Subject: how to solve trigonometric equation

From: Philippe

Date: 8 Jun, 2011 01:36:05

Message: 1 of 12

Dear all,

I would like to solve the following equation between 0 and 2 pi.

A*sin(w*t-p)+2*B*sin(2*w*t-q)=0

where A, B, w, p, q are constants.

t=?

Is there any way in Matlab to solve this equation?

Thanks

Subject: how to solve trigonometric equation

From: reza

Date: 8 Jun, 2011 02:16:21

Message: 2 of 12

On Jun 7, 9:36 pm, "Philippe " <philipp...@hotmail.com> wrote:
> Dear all,
>
> I would like to solve the following equation between 0 and 2 pi.
>
> A*sin(w*t-p)+2*B*sin(2*w*t-q)=0
>
> where A, B, w, p, q are constants.
>
> t=?
>
> Is there any way in Matlab to solve this equation?
>
> Thanks


You need the Symbolic Toolbox

>> syms A w t B q p
>> t = solve(A*sin(w*t-p)+2*B*sin(2*w*t-q))

/reza

Subject: how to solve trigonometric equation

From: John D'Errico

Date: 8 Jun, 2011 02:20:06

Message: 3 of 12

"Philippe " <philippeb3@hotmail.com> wrote in message <ismjm4$qe6$1@newscl01ah.mathworks.com>...
> Dear all,
>
> I would like to solve the following equation between 0 and 2 pi.
>
> A*sin(w*t-p)+2*B*sin(2*w*t-q)=0
>
> where A, B, w, p, q are constants.
>
> t=?
>
> Is there any way in Matlab to solve this equation?

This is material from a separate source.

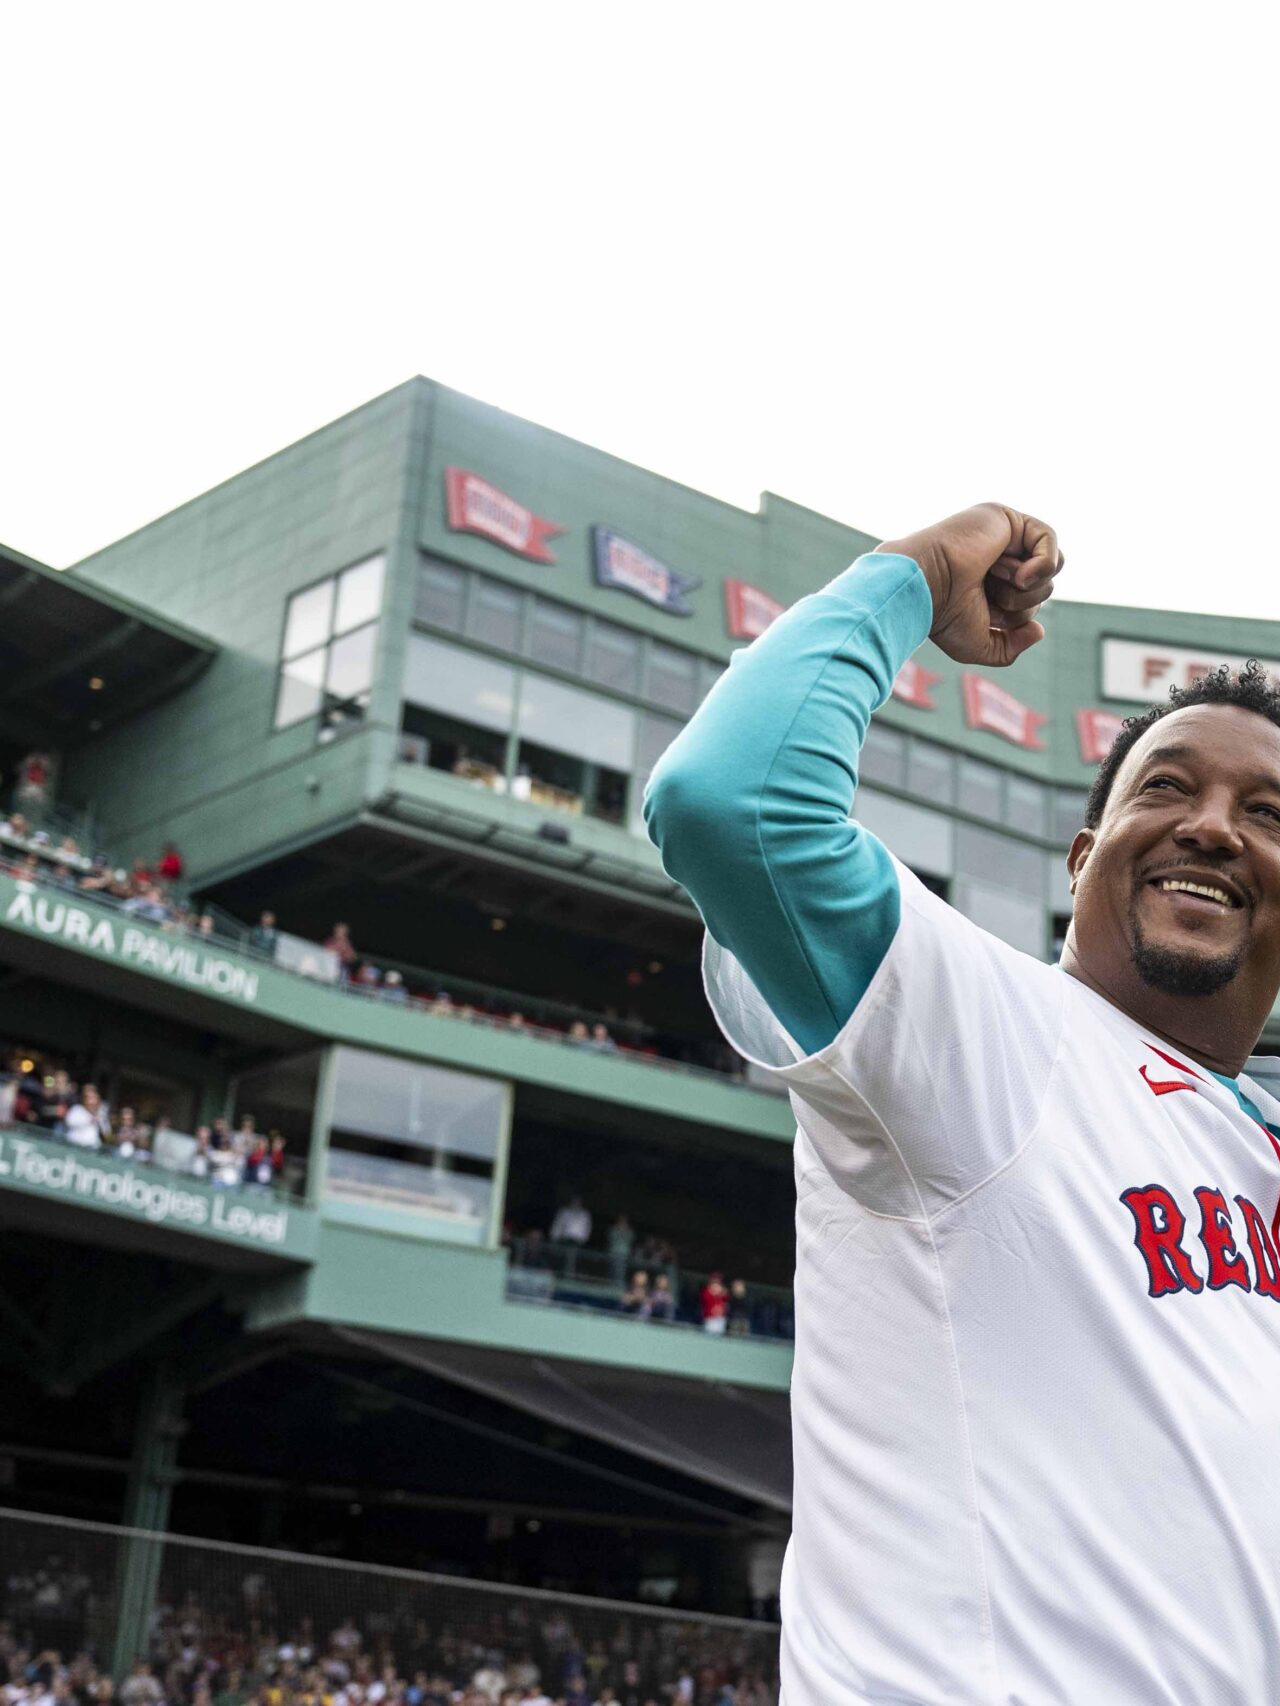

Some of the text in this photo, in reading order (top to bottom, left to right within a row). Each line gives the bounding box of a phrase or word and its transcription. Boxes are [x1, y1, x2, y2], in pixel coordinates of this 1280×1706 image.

[121, 928, 260, 1001] PAVILION
[8, 1138, 209, 1223] Technologies
[211, 1192, 289, 1244] Level

You can do it by hand. Start with the sin of a sum
identity to get rid of those p and q terms.

sin(x+y) = ...

Then reduce sin(2*x) using a similar identity.

In the end, you reduce this to a polynomial in
sin(w*t). Solve for the roots of that polynomial.
Once you know all possible solutions, then
compute t using an asin.

You do the work though, not me.

John

Subject: how to solve trigonometric equation

From: Philippe

Date: 8 Jun, 2011 14:36:05

Message: 4 of 12

> You can do it by hand. Start with the sin of a sum
> identity to get rid of those p and q terms.
>
> sin(x+y) = ...
>
> Then reduce sin(2*x) using a similar identity.
>
> In the end, you reduce this to a polynomial in
> sin(w*t). Solve for the roots of that polynomial.
> Once you know all possible solutions, then
> compute t using an asin.
>
> You do the work though, not me.
>
> John

Following your instruction, this is where I'm stuck

A*sin(wt) - B*cos(wt) + C*sin(wt)*cos(wt) + D*sin(wt)^2-D=0

where A, B, C, D are known numbers.

Any idea?

Subject: how to solve trigonometric equation

From: John D'Errico

Date: 8 Jun, 2011 14:58:04

Message: 5 of 12

"Philippe " <philippeb3@hotmail.com> wrote in message <iso1cl$nsr$1@newscl01ah.mathworks.com>...
> > You can do it by hand. Start with the sin of a sum
> > identity to get rid of those p and q terms.
> >
> > sin(x+y) = ...
> >
> > Then reduce sin(2*x) using a similar identity.
> >
> > In the end, you reduce this to a polynomial in
> > sin(w*t). Solve for the roots of that polynomial.
> > Once you know all possible solutions, then
> > compute t using an asin.
> >
> > You do the work though, not me.
> >
> > John
>
> Following your instruction, this is where I'm stuck
>
> A*sin(wt) - B*cos(wt) + C*sin(wt)*cos(wt) + D*sin(wt)^2-D=0
>
> where A, B, C, D are known numbers.
>
> Any idea?

Sure. Just follow my instructions. I told you exactly
what needed to be done.

Let Z = sin(w*t).

A*Z - B*cos(wt) + C*Z*cos(wt) + D*Z^2 - D = 0

Of course, we can get the cos in terms of the sin.

cos(w*t) = sqrt(1-Z^2)

A bit more algebra will rid you of the square roots.
(Hint isolate the square root term, and square.)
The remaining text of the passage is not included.